A: One issue was around social media. I manage the Online Content section at LAC so I’m in charge of making our social media known, specifically blogs, podcast, Flickr and our Project Naming. I asked the students to suggest what other platforms we could use to highlight our content. Students also went into detail about the ways in which we could use these platforms and what kind of audience we could reach. They also analyzed the platforms we are currently using and how we could better exploit them. It was a great project that was really useful for us and it was useful for the students because the task is not as simple as starting up a new social media account. Social media use with the government is more complex and it’s got to meet all sorts of different requirements and policies. The students thought through all of that and, in the end, provided us with a very rich project.
Q: In what way did the LAC profit from students acting as consultants?
A: They definitely brought new ideas to the table and all of my colleagues who participated thought the students were fantastic. Sometimes you get so busy with your day job and these are challenges that we haven’t been able to resolve ourselves. It was nice to know somebody else was spending time on it, and of course students bring fresh ideas so it worked out well.
Q: What should future students know about The School of Information Studies?
A:“One thing I didn’t know about the School was how high the rate of employment after graduation is.”
Graduate students, especially in Ottawa, have a really high employment rate after they finish the MIS program because there is such a demand from the government to hire people who know how to manage information. Every student that I know that has graduated is employed now. There is also the COOP program which I think really helps with gaining experience and landing a career. It was nice to see how interested and passionate the students were in archives.
The MIS CO-OP option and eight month paid work placement are available to full time students. Interested students should visit the uOttawa Cooperative Programs department for more details about important deadlines and how to apply.
Q: What are some of the topics you discussed as a guest lecturer?
A: I had worked for a year as the archivist at the International Criminal Tribunal for War Crimes in Yugoslavia in The Hague so I talked about that experience.

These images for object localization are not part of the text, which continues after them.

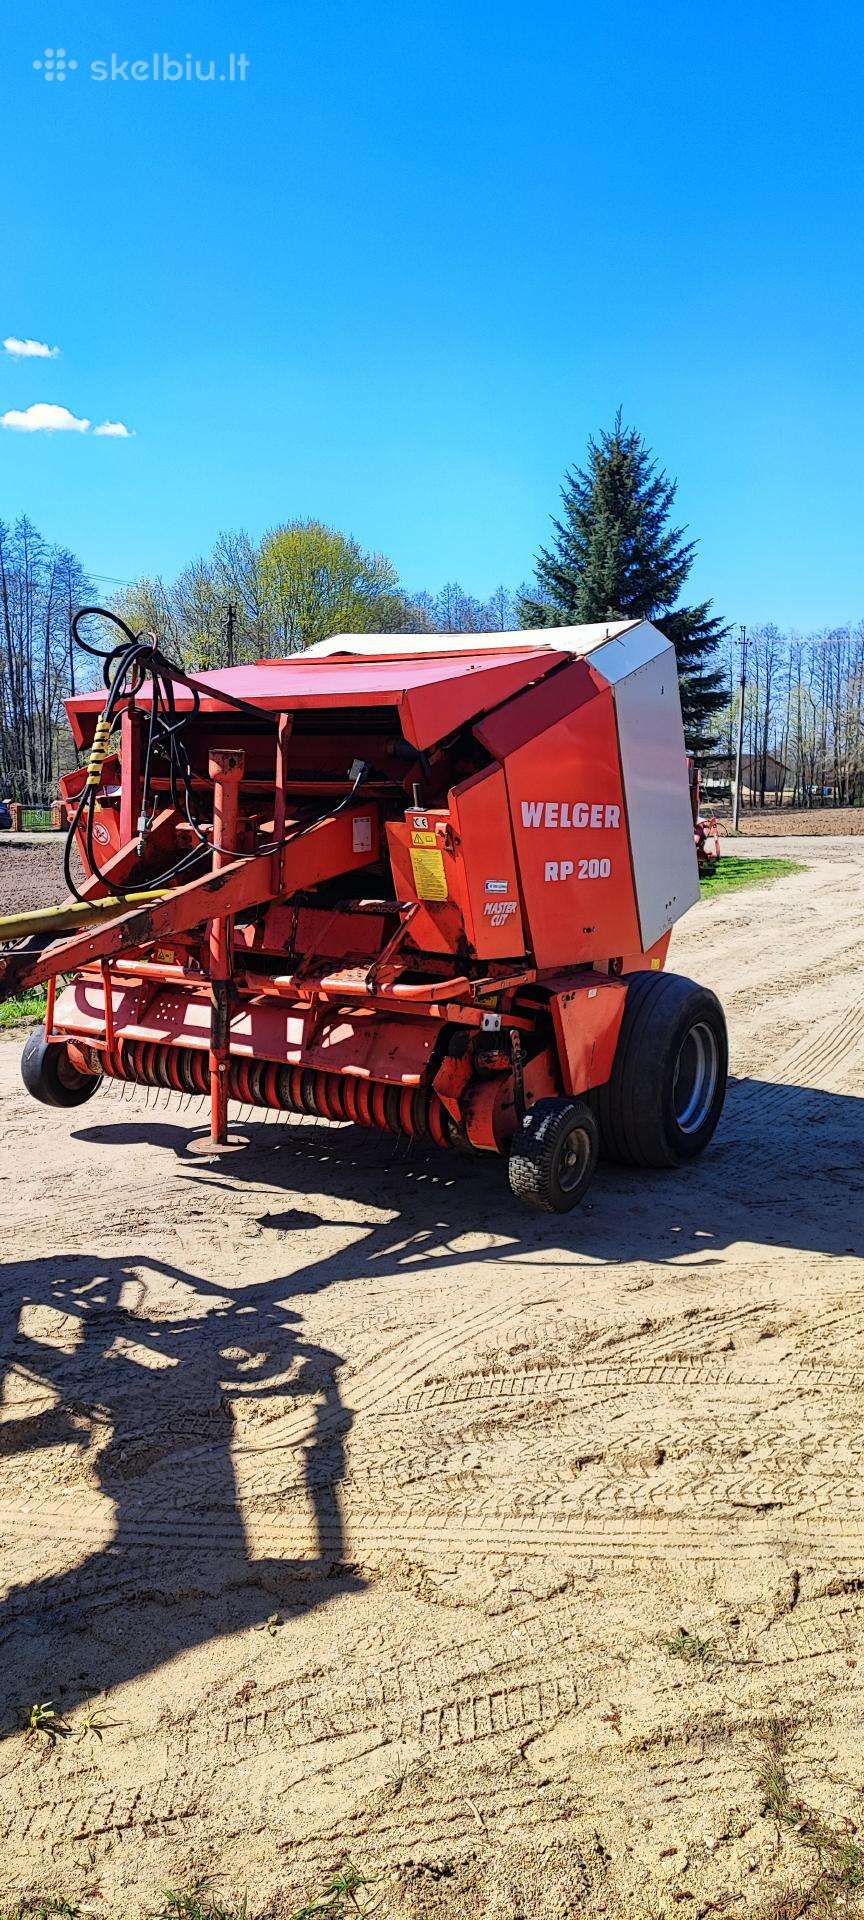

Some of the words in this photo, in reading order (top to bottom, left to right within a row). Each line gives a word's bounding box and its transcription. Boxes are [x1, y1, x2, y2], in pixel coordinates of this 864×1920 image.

[521, 801, 621, 828] WELGER
[544, 861, 574, 882] RP
[578, 858, 611, 880] 200
[484, 902, 517, 915] MASTER
[491, 914, 508, 926] CUT

I talked about how LAC is revamping our search systems which is really complex so I talked a bit about the technology aspect of what we’re doing, how we’re managing and how we’re taking information that’s on paper and making it available in ways that are interactive and interesting.
Q: How do you go about making a document interactive?
A: It involves taking our material and finding interesting stories and putting it on social media where people are. For example, a couple years ago we had the diary of a photographer, Rosemary Gilliat Eaton. In 1954, she and her friends drove from Ottawa all the way to BC in this Plymoth Station Wagon. For the duration of this road trip she took photographs and kept a diary. For the summer of that year (2016) we would post on Facebook these beautiful photographs she had taken and would include little excerpts from her diary to tell her story. That ended up being a super popular series that we put out which was really effective. Making documents interactive involves finding stuff in our collections that are interesting and thinking of innovative ways to package them and catch other people’s attention.
Below are some photos from the Road trip – Summer ’54 series by LAC
Q: What advice would you give to a student who wishes to pursue a career at LAC?
A: Well, the ESIS program is a great program for students wishing to pursue a career at LAC because it gives you that ALA accredited degree which you need to work anywhere in the Federal Government as a librarian. Of course, that’s not the only path because the two big professions at LAC are librarians and archivists, and the path to becoming an archivist is a bit more fluid, but a Master of Information Studies from ESIS is certainly helpful for that. Bilingualism is also huge, and that’s for anyone who wants to work in the federal government. That’s a giant asset, so uOttawa students have a real advantage because you’re so supported in being bilingual if that’s what you want to pursue.